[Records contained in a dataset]
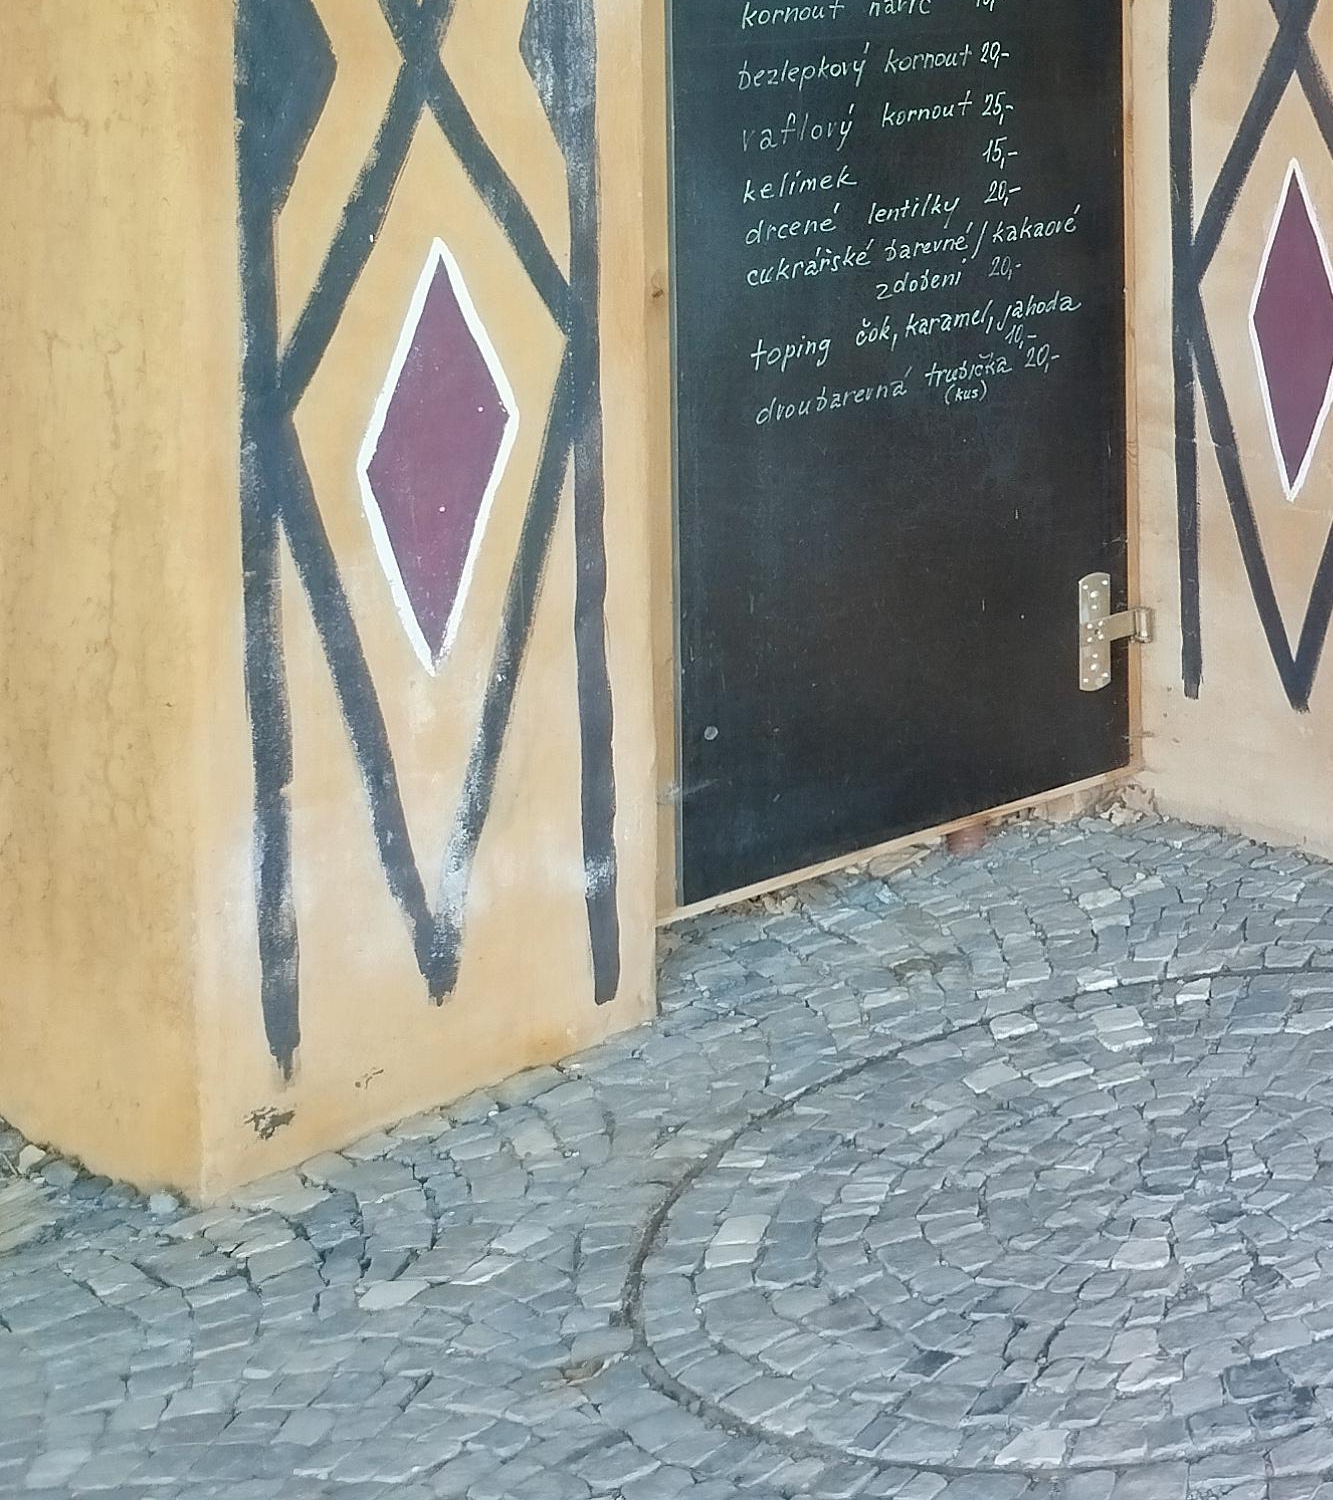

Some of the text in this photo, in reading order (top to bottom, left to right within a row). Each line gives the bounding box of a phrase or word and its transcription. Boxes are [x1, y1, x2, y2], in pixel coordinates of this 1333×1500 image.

[738, 42, 870, 92] bezlepkový
[885, 44, 972, 73] kornout
[742, 103, 854, 152] vaflový
[881, 90, 972, 128] kornout
[743, 165, 858, 203] kelímek
[745, 202, 840, 244] drcené
[867, 193, 960, 229] lentilky
[747, 239, 874, 286] cukrářské
[750, 334, 831, 372] toping
[996, 290, 1082, 331] jahoda
[755, 365, 912, 426] dvoubarevná
[925, 352, 1012, 387] trubička
[944, 383, 988, 405] (kus)

### How to complete this task
Every line above should be retyped exactly; the pictures do not belong in the copy.

### Solved exercise
Some of the text in this photo, in reading order (top to bottom, left to right within a row). Each line gives the bounding box of a phrase or word and its transcription. Boxes are [x1, y1, x2, y2], in pixel coordinates of this 1333×1500 image.

[738, 42, 870, 92] bezlepkový
[885, 44, 972, 73] kornout
[742, 103, 854, 152] vaflový
[881, 90, 972, 128] kornout
[743, 165, 858, 203] kelímek
[745, 202, 840, 244] drcené
[867, 193, 960, 229] lentilky
[747, 239, 874, 286] cukrářské
[750, 334, 831, 372] toping
[996, 290, 1082, 331] jahoda
[755, 365, 912, 426] dvoubarevná
[925, 352, 1012, 387] trubička
[944, 383, 988, 405] (kus)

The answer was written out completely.